Felicità e benessere sul lavoro: la sfida dei Talenti
La felicità sul lavoro non è un tema “soft”, ma una variabile strategica e oggi in Italia è un problema concreto
Solo il 43% dei collaboratori considera la propria azienda un luogo eccellente in cui lavorare. Il 73% vive situazioni di stress o ansia legate al lavoro. Ancora più critico il dato sul coinvolgimento: secondo diverse ricerche, solo una minima parte dei lavoratori italiani si sente pienamente ingaggiata.
Una forza lavoro demotivata rallenta innovazione, performance e crescita. Per questo il benessere organizzativo non è un benefit accessorio, ma un investimento strutturale.
Per benessere organizzativo si intende la capacità di un’azienda di promuovere e mantenere il benessere fisico, psicologico e sociale delle proprie Persone. I benefici sono concreti: studi internazionali dimostrano che collaboratori felici sono fino al 13% più produttivi; livelli elevati di soddisfazione possono generare +31% di produttività e +37% di vendite. Organizzazioni con un clima positivo sono più efficienti, più attrattive e più competitive.

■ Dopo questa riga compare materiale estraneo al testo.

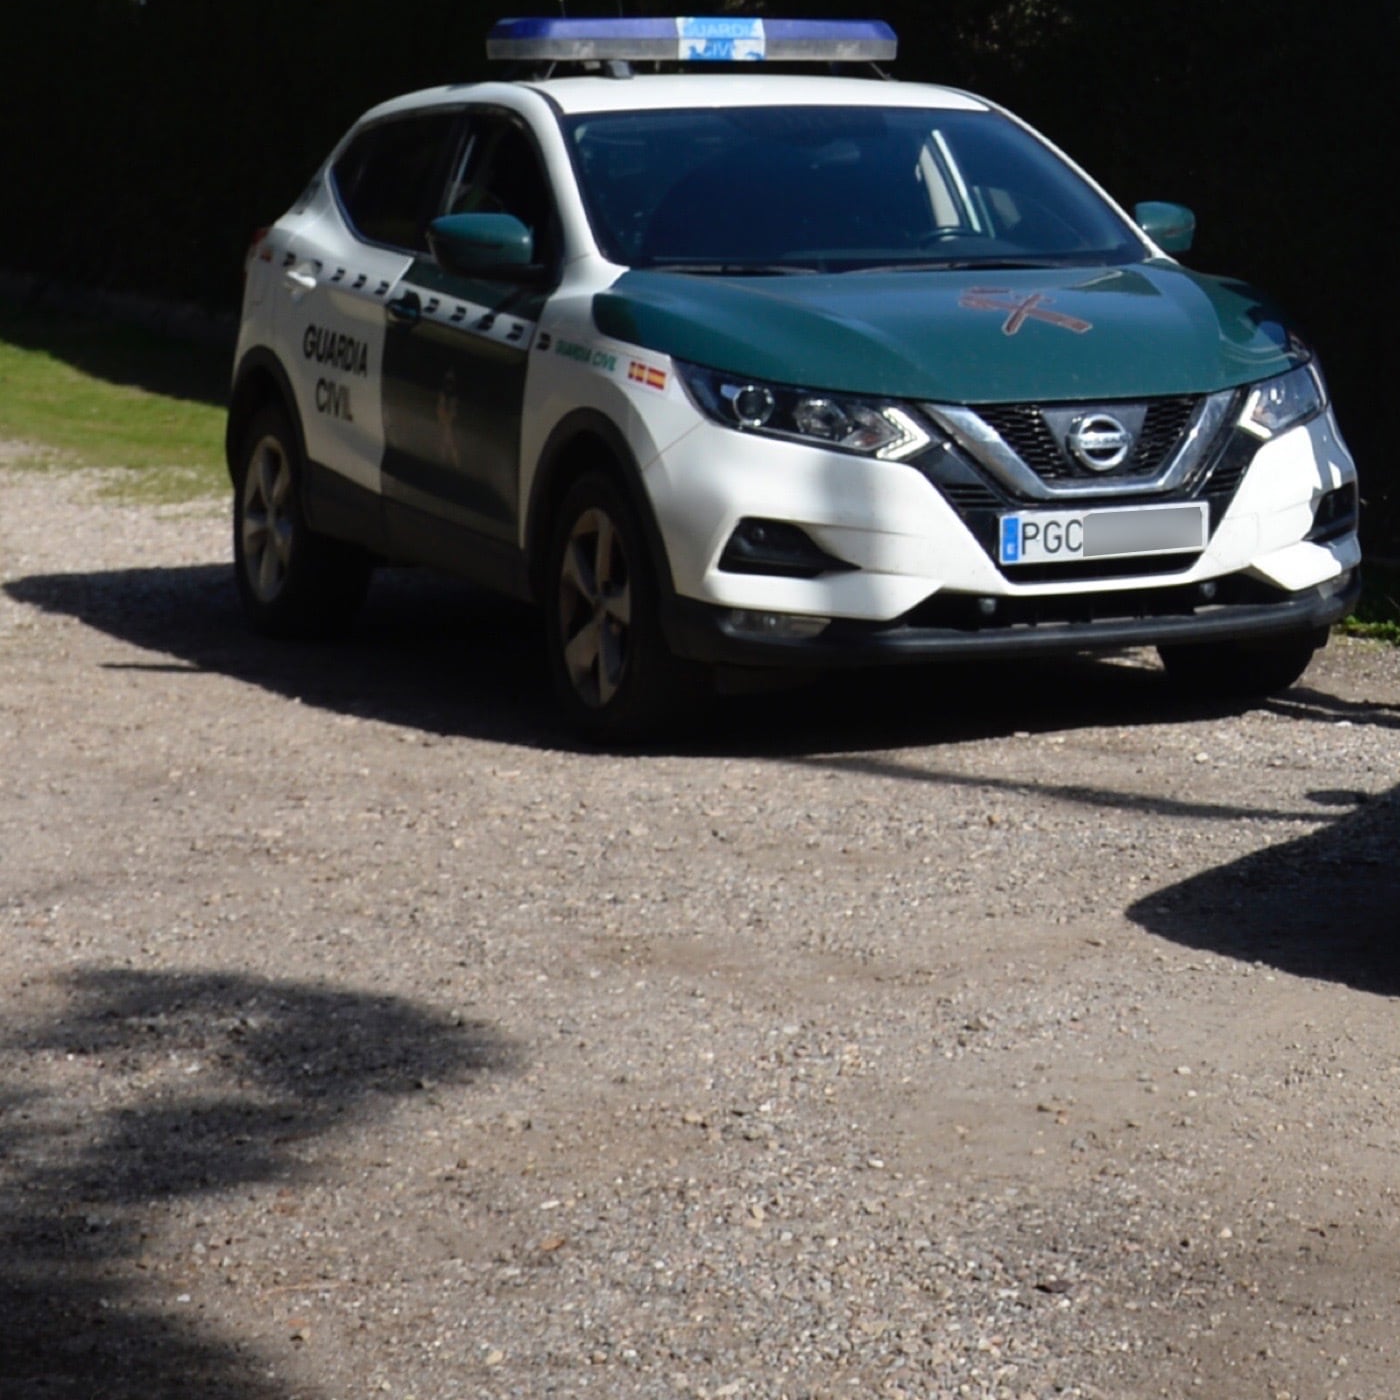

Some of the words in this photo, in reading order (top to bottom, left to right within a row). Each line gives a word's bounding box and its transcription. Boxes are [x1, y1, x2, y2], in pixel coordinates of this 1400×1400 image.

Eppure, l’Italia resta indietro rispetto ai Paesi del Nord Europa, dove la percentuale di lavoratori soddisfatti supera il 65%. Questo dimostra che invertire la rotta è possibile, a condizione di mettere davvero le Persone al centro.
Il primo passo non è “fare qualcosa”, ma capire cosa sta accadendo. Troppo spesso le aziende reagiscono a percezioni generiche: team building, incentivi economici, nuove policy. Ma senza dati si rischia di intervenire sul sintomo e non sulla causa.
Per questo è fondamentale misurare il clima organizzativo in modo strutturato, attraverso strumenti anonimi e oggettivi che restituiscano una fotografia reale dell’azienda.
In questa direzione si inserisce R.I.T.M.O. (Ritrova In Te Motivazione e Obiettivi) il metodo sviluppato da Smartpeg per l’analisi del clima organizzativo. Attraverso una survey anonima su 6 aree chiave, RITMO raccoglie dati su motivazione, collaborazione, leadership, comunicazione e senso di appartenenza, trasformandoli in insight operativi per la Direzione.
I risultati parlano chiaro: le aziende che adottano un’analisi strutturata del clima registrano un aumento dell’engagement fino al 47%, una riduzione di turnover e assenteismo, un miglioramento della comunicazione interna e un rafforzamento del senso di appartenenza.
Ma i numeri non bastano. Servono azioni coerenti: formazione continua, riconoscimento del merito, flessibilità organizzativa, ambienti di lavoro sani e sicuri. Il benessere nasce dall’ascolto e si consolida attraverso scelte concrete.
Smartpeg, ascoltare per valorizzare
La visione di Smartpeg è chiara: valorizzare i Talenti delle Persone, centro della nuova economia d’impresa. L’ascolto attivo delle motivazioni è il punto di partenza.
I dati diventano strumenti decisionali. Le Persone tornano protagoniste.
Quando un team si sente ascoltato, aumenta la responsabilità, cresce la fiducia, migliora la performance. La felicità sul lavoro non è un’utopia: è una strategia. E oggi rappresenta una delle leve più potenti per costruire organizzazioni solide, attrattive e orientate al futuro.
L’esperienza sul campo dimostra che prendersi cura delle Risorse Umane porta risultati tangibili. Come riportato nel servizio di TV2000, le aziende che hanno adottato il metodo Smartpeg hanno visto un netto miglioramento del clima organizzativo.